» PROMPT
Lines before the one containing "this 1333×1500 image." are left out; return that line and every line after it exactly, through the end of the data below.

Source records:
******************************

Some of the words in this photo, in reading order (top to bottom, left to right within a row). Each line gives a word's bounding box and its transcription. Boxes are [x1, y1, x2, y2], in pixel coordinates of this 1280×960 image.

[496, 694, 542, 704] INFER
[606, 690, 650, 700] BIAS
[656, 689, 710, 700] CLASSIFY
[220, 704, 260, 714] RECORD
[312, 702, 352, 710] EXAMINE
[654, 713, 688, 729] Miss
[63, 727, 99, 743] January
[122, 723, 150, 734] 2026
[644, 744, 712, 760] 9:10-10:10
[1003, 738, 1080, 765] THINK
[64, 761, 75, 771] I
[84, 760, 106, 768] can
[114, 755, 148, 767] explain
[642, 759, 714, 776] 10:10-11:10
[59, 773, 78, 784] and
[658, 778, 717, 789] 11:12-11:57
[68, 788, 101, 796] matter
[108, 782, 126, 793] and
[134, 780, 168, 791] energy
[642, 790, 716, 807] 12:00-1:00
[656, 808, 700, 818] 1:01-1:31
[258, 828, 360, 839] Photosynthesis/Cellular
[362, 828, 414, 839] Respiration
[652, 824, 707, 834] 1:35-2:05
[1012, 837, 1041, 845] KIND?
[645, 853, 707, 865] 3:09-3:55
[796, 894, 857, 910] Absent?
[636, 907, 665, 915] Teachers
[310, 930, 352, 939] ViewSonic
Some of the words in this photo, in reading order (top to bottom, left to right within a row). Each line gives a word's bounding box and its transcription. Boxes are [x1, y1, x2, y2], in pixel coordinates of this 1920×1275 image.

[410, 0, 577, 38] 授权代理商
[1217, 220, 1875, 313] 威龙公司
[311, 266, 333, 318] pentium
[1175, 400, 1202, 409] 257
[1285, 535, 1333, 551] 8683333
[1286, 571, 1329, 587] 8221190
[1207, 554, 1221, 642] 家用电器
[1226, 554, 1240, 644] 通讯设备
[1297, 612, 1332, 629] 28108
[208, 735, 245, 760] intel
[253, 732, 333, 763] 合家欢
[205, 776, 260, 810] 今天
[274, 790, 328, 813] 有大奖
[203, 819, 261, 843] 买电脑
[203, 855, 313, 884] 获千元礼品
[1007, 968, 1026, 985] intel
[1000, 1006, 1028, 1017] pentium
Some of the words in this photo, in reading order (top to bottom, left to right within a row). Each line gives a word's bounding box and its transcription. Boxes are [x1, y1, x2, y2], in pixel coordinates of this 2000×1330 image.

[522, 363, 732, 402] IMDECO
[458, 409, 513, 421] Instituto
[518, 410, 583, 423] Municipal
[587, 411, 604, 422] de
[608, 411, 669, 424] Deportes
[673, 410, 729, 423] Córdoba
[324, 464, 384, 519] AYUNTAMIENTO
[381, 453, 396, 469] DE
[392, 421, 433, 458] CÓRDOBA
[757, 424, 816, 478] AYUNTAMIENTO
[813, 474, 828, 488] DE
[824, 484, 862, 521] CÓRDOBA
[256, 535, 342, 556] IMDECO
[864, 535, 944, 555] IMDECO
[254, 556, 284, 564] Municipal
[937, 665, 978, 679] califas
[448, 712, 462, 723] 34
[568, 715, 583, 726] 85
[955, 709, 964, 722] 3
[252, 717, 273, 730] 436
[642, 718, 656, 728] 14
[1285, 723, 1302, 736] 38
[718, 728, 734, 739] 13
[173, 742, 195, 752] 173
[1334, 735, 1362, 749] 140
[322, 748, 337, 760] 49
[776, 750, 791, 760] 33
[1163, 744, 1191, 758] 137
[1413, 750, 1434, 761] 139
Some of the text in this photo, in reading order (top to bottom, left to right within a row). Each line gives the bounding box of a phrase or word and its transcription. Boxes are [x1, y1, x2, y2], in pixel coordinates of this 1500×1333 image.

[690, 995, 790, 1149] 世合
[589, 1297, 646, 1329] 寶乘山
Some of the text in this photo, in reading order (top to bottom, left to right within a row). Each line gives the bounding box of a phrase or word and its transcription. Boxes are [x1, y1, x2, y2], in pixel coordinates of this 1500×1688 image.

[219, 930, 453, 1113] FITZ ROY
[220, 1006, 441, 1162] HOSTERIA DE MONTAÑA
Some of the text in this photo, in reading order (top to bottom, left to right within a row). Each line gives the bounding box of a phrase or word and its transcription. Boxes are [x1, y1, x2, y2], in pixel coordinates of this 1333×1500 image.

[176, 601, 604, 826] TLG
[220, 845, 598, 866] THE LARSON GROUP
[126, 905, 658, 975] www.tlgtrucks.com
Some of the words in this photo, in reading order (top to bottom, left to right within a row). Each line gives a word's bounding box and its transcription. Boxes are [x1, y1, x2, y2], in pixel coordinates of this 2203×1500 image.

******************************

» SOLUTION FOR THIS PROBLEM
Some of the text in this photo, in reading order (top to bottom, left to right within a row). Each line gives the bounding box of a phrase or word and its transcription. Boxes are [x1, y1, x2, y2], in pixel coordinates of this 1333×1500 image.

[176, 601, 604, 826] TLG
[220, 845, 598, 866] THE LARSON GROUP
[126, 905, 658, 975] www.tlgtrucks.com
Some of the words in this photo, in reading order (top to bottom, left to right within a row). Each line gives a word's bounding box and its transcription. Boxes are [x1, y1, x2, y2], in pixel coordinates of this 2203×1500 image.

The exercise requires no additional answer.